**MATERIAL FOR THIS TASK:**
◇ ◇ ◇

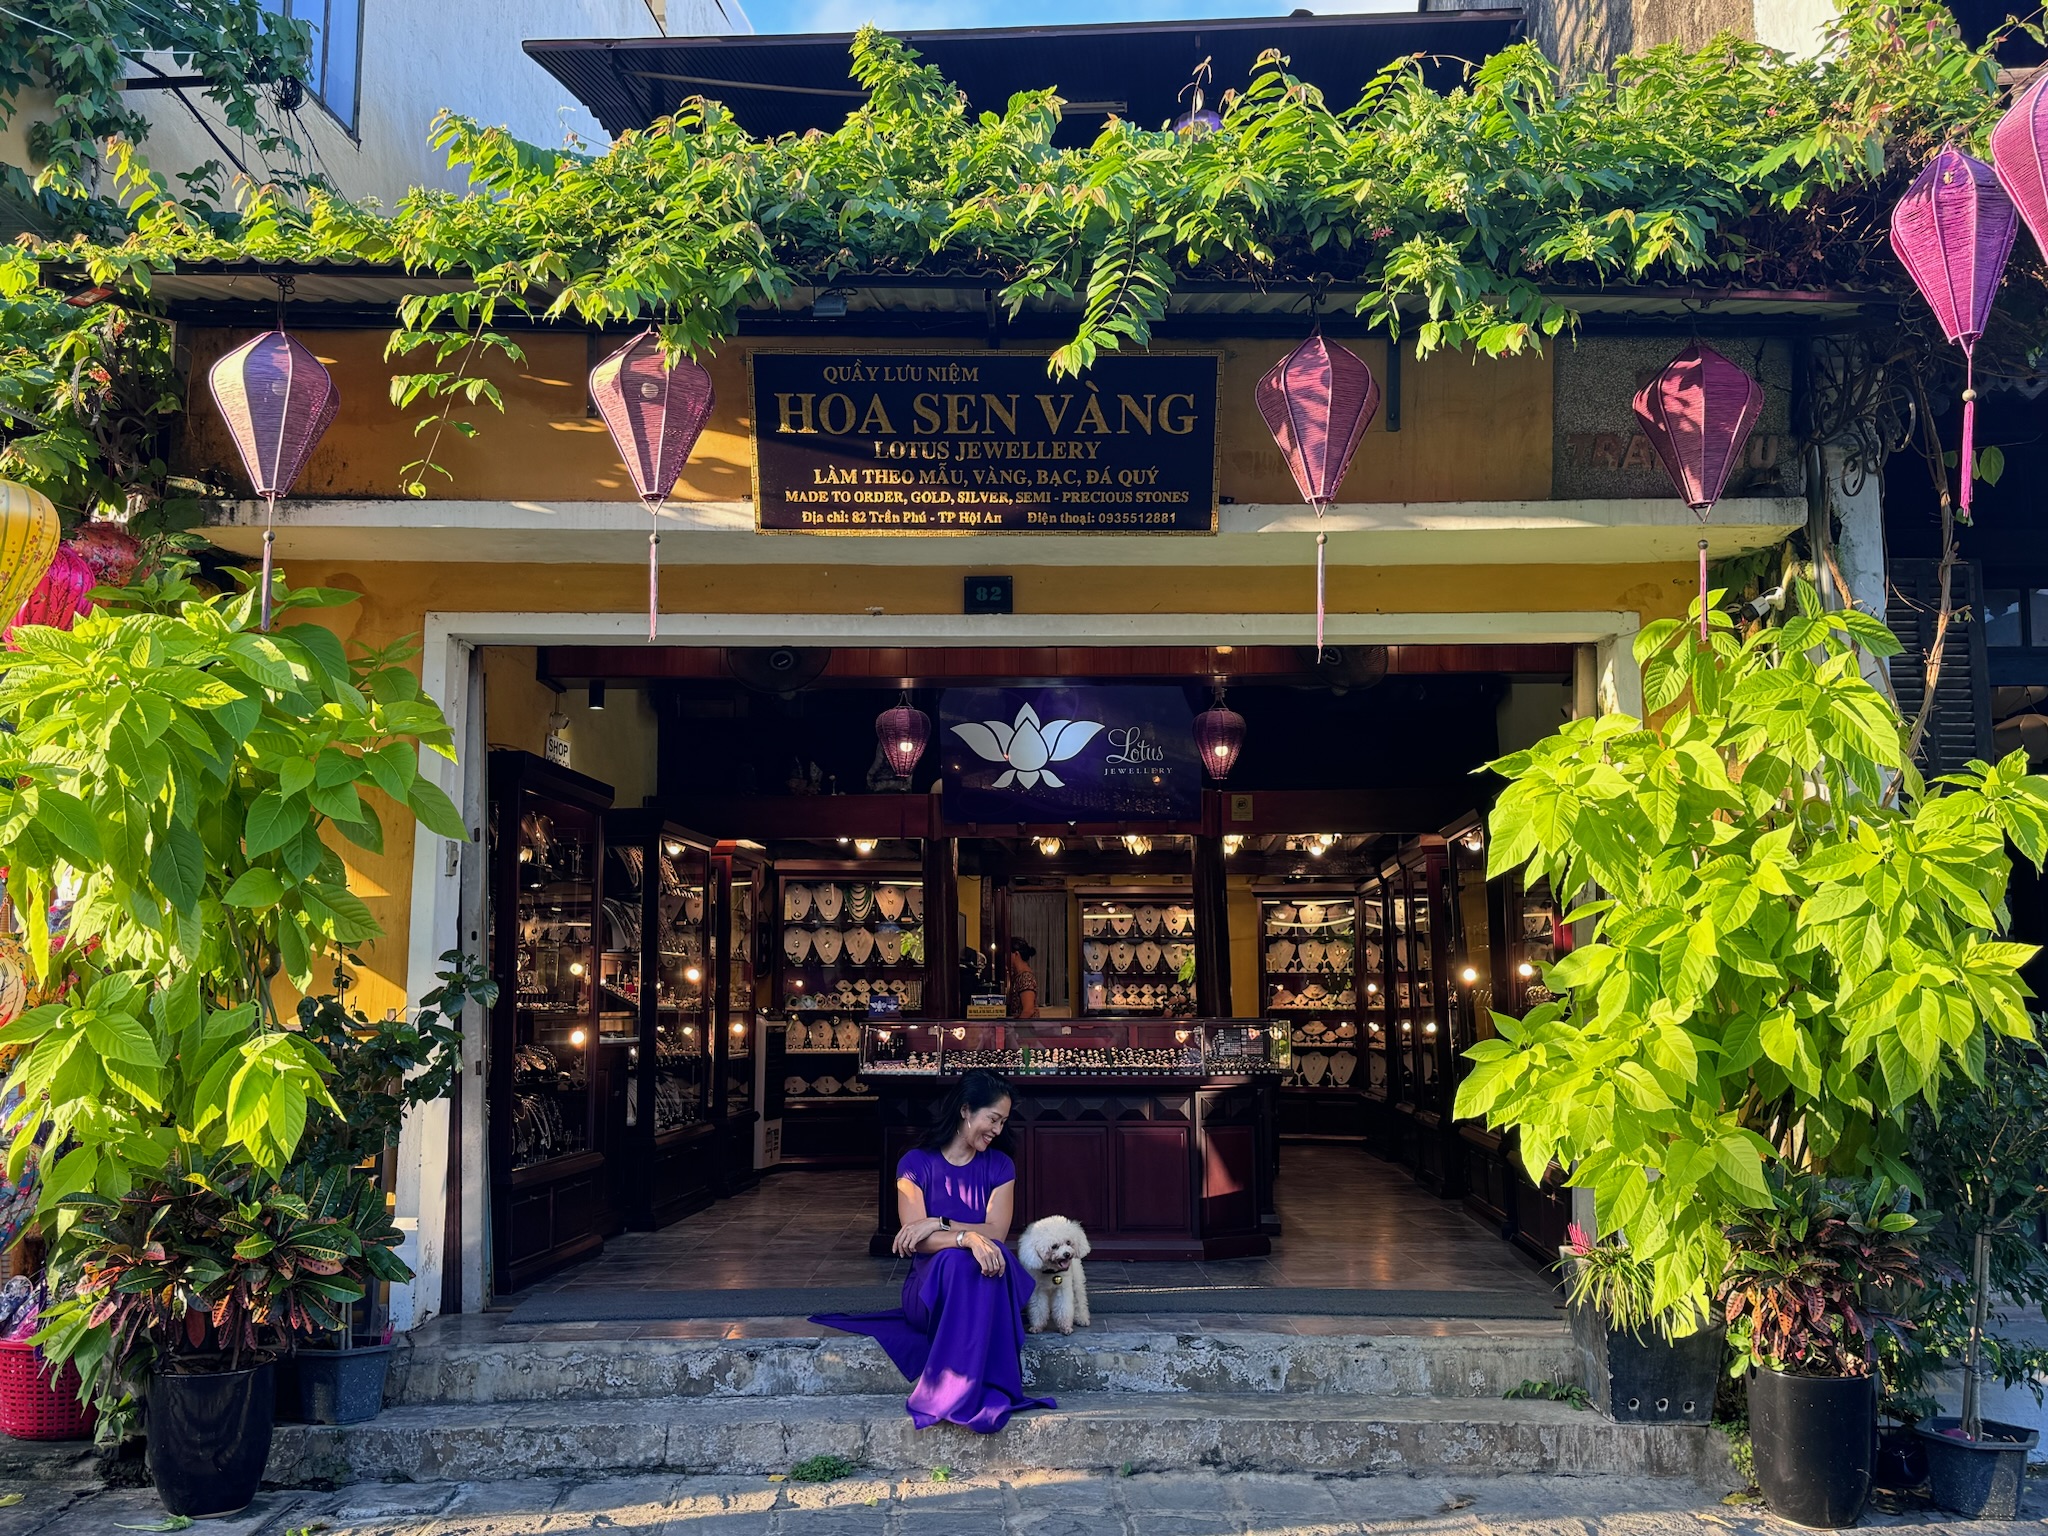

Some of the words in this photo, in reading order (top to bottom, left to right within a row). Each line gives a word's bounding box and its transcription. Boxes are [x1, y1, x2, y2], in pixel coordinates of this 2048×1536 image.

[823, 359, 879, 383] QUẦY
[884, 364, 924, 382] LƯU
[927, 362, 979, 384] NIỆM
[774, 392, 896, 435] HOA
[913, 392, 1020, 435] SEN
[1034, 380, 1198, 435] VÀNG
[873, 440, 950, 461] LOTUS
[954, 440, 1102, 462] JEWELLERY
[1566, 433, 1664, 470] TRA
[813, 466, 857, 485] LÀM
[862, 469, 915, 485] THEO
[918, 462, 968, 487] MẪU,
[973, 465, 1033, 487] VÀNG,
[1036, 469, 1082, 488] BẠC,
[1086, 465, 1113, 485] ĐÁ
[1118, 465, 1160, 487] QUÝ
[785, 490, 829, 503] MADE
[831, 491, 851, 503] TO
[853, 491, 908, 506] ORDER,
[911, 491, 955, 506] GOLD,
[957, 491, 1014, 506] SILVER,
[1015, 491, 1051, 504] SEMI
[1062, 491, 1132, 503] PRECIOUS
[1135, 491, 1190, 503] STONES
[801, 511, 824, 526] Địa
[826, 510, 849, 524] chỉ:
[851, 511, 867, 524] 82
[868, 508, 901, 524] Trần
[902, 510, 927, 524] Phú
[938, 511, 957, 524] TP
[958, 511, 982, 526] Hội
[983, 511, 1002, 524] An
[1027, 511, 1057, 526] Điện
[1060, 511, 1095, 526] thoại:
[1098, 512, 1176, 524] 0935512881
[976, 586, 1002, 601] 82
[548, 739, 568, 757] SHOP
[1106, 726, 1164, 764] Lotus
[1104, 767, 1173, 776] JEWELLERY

◇ ◇ ◇

**TO DO:**
Restate the whole listing above exactly, please, omitting every image.

**FINISHED EXERCISE:**
Some of the words in this photo, in reading order (top to bottom, left to right within a row). Each line gives a word's bounding box and its transcription. Boxes are [x1, y1, x2, y2], in pixel coordinates of this 2048×1536 image.

[823, 359, 879, 383] QUẦY
[884, 364, 924, 382] LƯU
[927, 362, 979, 384] NIỆM
[774, 392, 896, 435] HOA
[913, 392, 1020, 435] SEN
[1034, 380, 1198, 435] VÀNG
[873, 440, 950, 461] LOTUS
[954, 440, 1102, 462] JEWELLERY
[1566, 433, 1664, 470] TRA
[813, 466, 857, 485] LÀM
[862, 469, 915, 485] THEO
[918, 462, 968, 487] MẪU,
[973, 465, 1033, 487] VÀNG,
[1036, 469, 1082, 488] BẠC,
[1086, 465, 1113, 485] ĐÁ
[1118, 465, 1160, 487] QUÝ
[785, 490, 829, 503] MADE
[831, 491, 851, 503] TO
[853, 491, 908, 506] ORDER,
[911, 491, 955, 506] GOLD,
[957, 491, 1014, 506] SILVER,
[1015, 491, 1051, 504] SEMI
[1062, 491, 1132, 503] PRECIOUS
[1135, 491, 1190, 503] STONES
[801, 511, 824, 526] Địa
[826, 510, 849, 524] chỉ:
[851, 511, 867, 524] 82
[868, 508, 901, 524] Trần
[902, 510, 927, 524] Phú
[938, 511, 957, 524] TP
[958, 511, 982, 526] Hội
[983, 511, 1002, 524] An
[1027, 511, 1057, 526] Điện
[1060, 511, 1095, 526] thoại:
[1098, 512, 1176, 524] 0935512881
[976, 586, 1002, 601] 82
[548, 739, 568, 757] SHOP
[1106, 726, 1164, 764] Lotus
[1104, 767, 1173, 776] JEWELLERY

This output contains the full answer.